Pete Harnisch is one of four Houston Astros pitchers to appear in the 1993 Finest checklist. They all kind of blend together: A bunch of durable guys who could shut down opponents in a pitchers’ ballpark. Perhaps blending in is Pete’s superpower. His 1992 Triple Play baseball card informs readers on the back that he previously worked as one of the extras used in NYPD police line-ups. Left to the imagination is whether or not he posed using the pitching motion portrayed on the front of the card.

The San Diego Padres’ Jarvis Brown had his career year in 1993 when he batted .233 and was understandably overlooked for inclusion in the ’93 Finest baseball card checklist. His most famous hit of the season came during a plate appearance against Harnisch, the guy slotted into the checklist as card #62. The sixth-inning hit cost the pitcher a no-hitter and raised Brown’s 1993 batting average by more than 7 points. The kicker? This was the only hit of the day off Harnisch and was a toss-up between being scored as a clean hit or an error.
Such pitching wasn’t a one-off event. In 1993 Harnisch was in the process of locking down his second league title for lowest opponent batting average. He could be perfect at times, throwing a 9-pitch, all-strikes immaculate inning in 1991. He could also be efficient, retiring an entire side on exactly three pitches a near-record three times in his career. He is one of 7 MLB pitchers to have retired the side in both formats.

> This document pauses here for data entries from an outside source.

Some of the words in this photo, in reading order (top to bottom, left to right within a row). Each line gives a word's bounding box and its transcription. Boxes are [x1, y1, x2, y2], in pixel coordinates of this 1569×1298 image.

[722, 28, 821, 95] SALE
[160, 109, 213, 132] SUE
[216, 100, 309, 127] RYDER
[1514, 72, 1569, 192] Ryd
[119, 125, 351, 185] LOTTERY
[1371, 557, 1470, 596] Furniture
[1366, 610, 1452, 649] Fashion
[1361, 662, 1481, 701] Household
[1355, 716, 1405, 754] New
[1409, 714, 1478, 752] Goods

Aside from shutting down other teams with an elevated strikeout rate and an impressively subdued opponent batting average, he was just fun to watch pitch. I don’t mean this as the act of watching velocity, accuracy, and pitch placement, but rather just the motions he employed to fling a baseball in the general direction of a batter. He had a windup that seemed to vary more than most other pitchers, almost as if he was using charades to tell the catcher what pitch was coming. Just take a look at all the arm angles, leg positions, and glove tucks employed on a sampling of his 1990s baseball cards:



His 2001 Upper Deck card gives the viewer a glimpse into the full range of motion.

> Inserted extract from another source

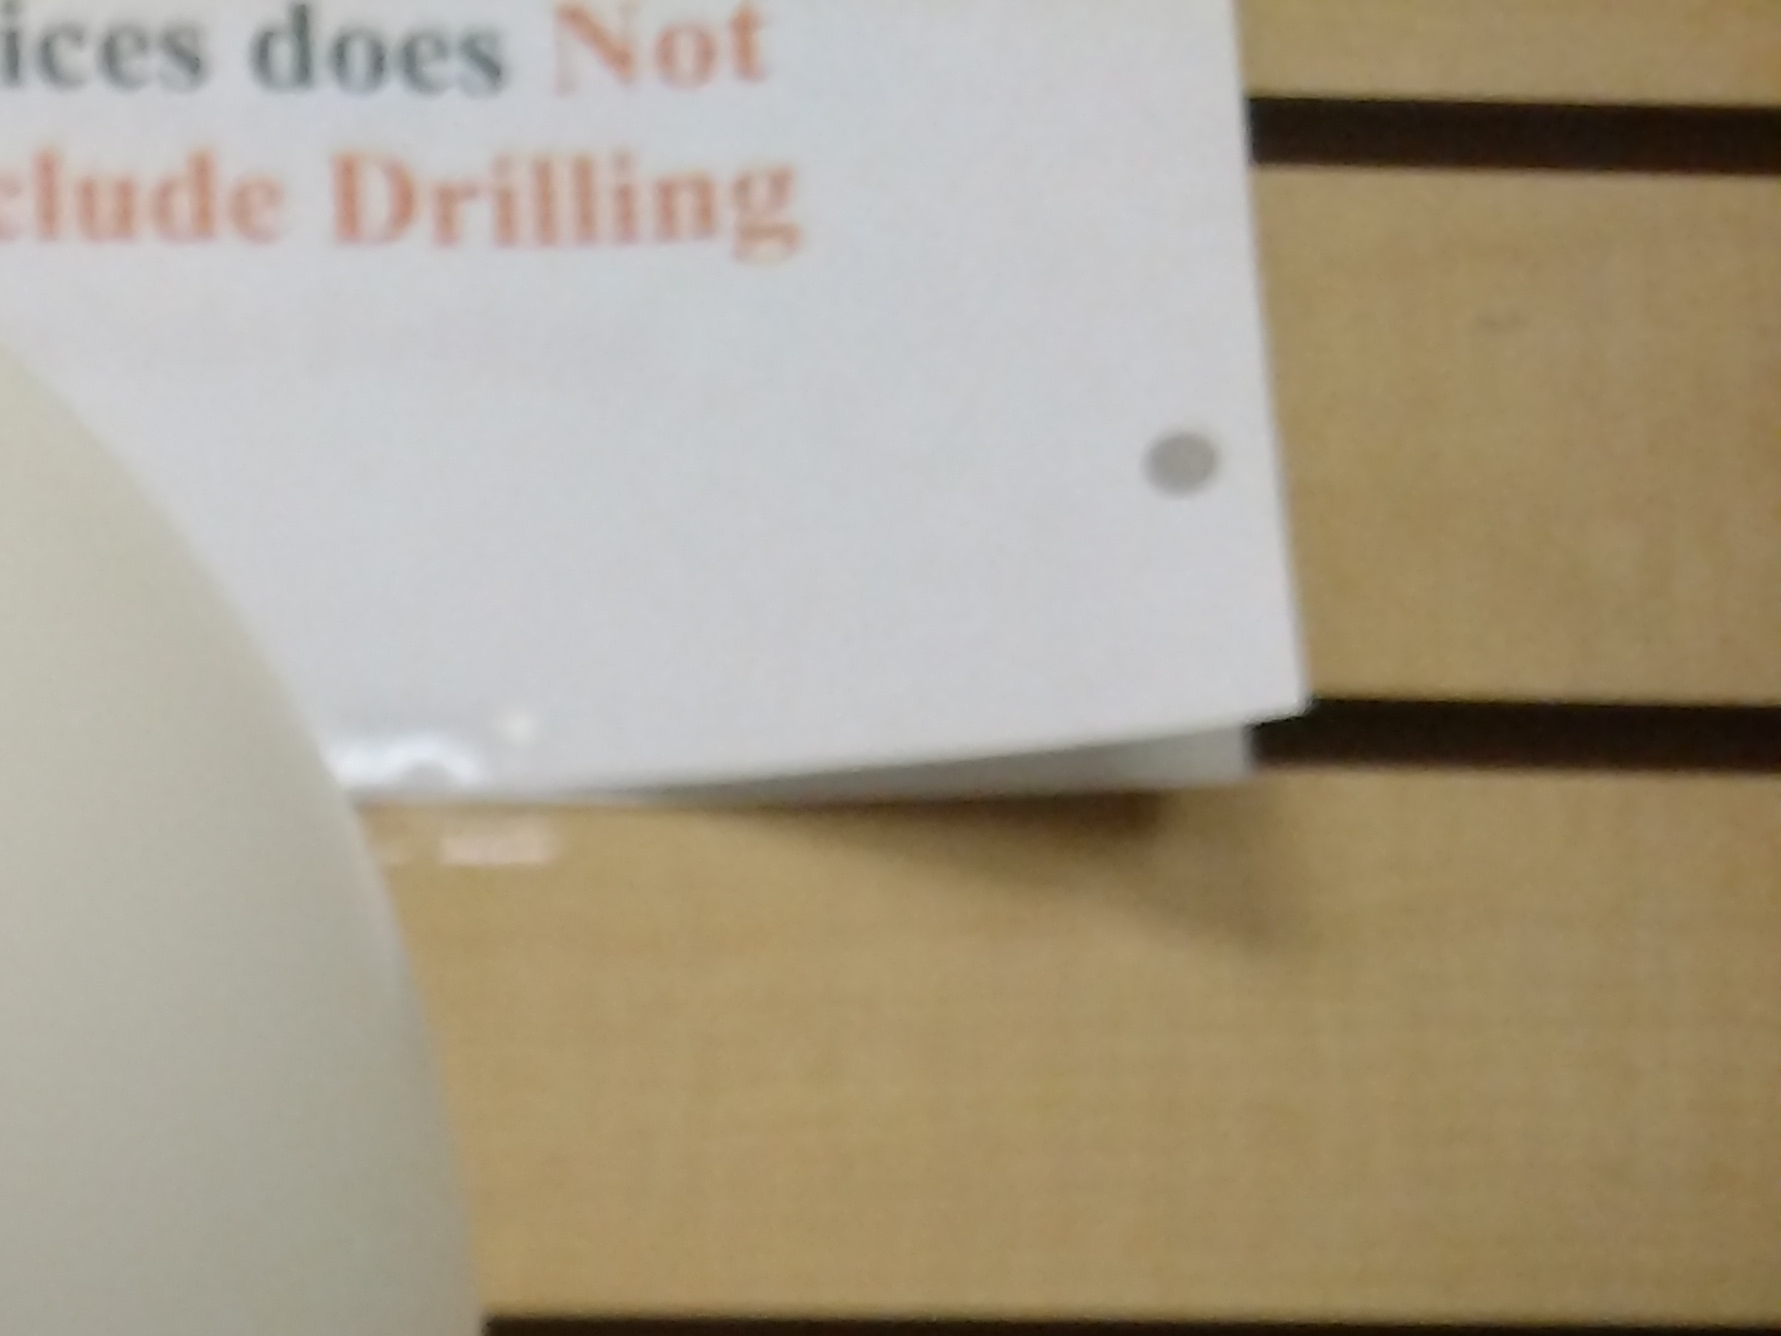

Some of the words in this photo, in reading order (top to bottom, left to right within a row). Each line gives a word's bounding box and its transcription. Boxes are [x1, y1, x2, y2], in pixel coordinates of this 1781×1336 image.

[252, 2, 510, 95] does
[556, 0, 767, 92] Not
[331, 150, 803, 262] Drilling

The photographic evidence leaves no doubt that Harnisch was a right-handed pitcher (northpaw?). This is confirmed by reading the obligatory throws/hits demographic on the back of his baseball cards. However, determining from what side of the plate he batted from is not as easy. A few minor league issues and his 1989 Bowman rookie identify him as one of the game’s rarities: A switch-hitting pitcher. However, many of his 1989 cards and every single one issued after that year show Harnisch as a right-handed batter. Many of the online statistics websites, such as Baseball Reference, identify him as a switch hitter. What gives?
While Harnisch had been a switch hitter in high school, prior to his 1991 arrival in the National League he had not so much as taken batting practice since the 1984 release of Ghostbusters. With zero college or MLB batting experience to draw on, it is no wonder that some card companies reached back to reference his batting record from high school. I have no idea what prompted the universal shift to describing him as a right-handed batter 2 years before his first plate appearance, and am even more confused by the fact that Baseball-Reference claims he platooned every single one of his appearances from the opposite side of the plate. A quick perusal of game footage available on YouTube shows him consistently batting from the right side, regardless of which arm opposing pitchers are throwing with.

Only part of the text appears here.